Directions:
Repeat each line of the data exactly as written.

::::::

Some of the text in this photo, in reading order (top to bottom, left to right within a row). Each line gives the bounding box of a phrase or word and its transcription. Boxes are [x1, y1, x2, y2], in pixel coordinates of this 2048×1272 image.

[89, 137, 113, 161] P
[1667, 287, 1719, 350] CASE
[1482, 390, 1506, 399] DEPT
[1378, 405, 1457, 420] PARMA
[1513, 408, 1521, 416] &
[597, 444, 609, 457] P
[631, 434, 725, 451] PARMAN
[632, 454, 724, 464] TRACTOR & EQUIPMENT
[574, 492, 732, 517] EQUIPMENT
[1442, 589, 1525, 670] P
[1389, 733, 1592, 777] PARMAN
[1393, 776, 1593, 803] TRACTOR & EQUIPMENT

::::::

Finished task:
Some of the text in this photo, in reading order (top to bottom, left to right within a row). Each line gives the bounding box of a phrase or word and its transcription. Boxes are [x1, y1, x2, y2], in pixel coordinates of this 2048×1272 image.

[89, 137, 113, 161] P
[1667, 287, 1719, 350] CASE
[1482, 390, 1506, 399] DEPT
[1378, 405, 1457, 420] PARMA
[1513, 408, 1521, 416] &
[597, 444, 609, 457] P
[631, 434, 725, 451] PARMAN
[632, 454, 724, 464] TRACTOR & EQUIPMENT
[574, 492, 732, 517] EQUIPMENT
[1442, 589, 1525, 670] P
[1389, 733, 1592, 777] PARMAN
[1393, 776, 1593, 803] TRACTOR & EQUIPMENT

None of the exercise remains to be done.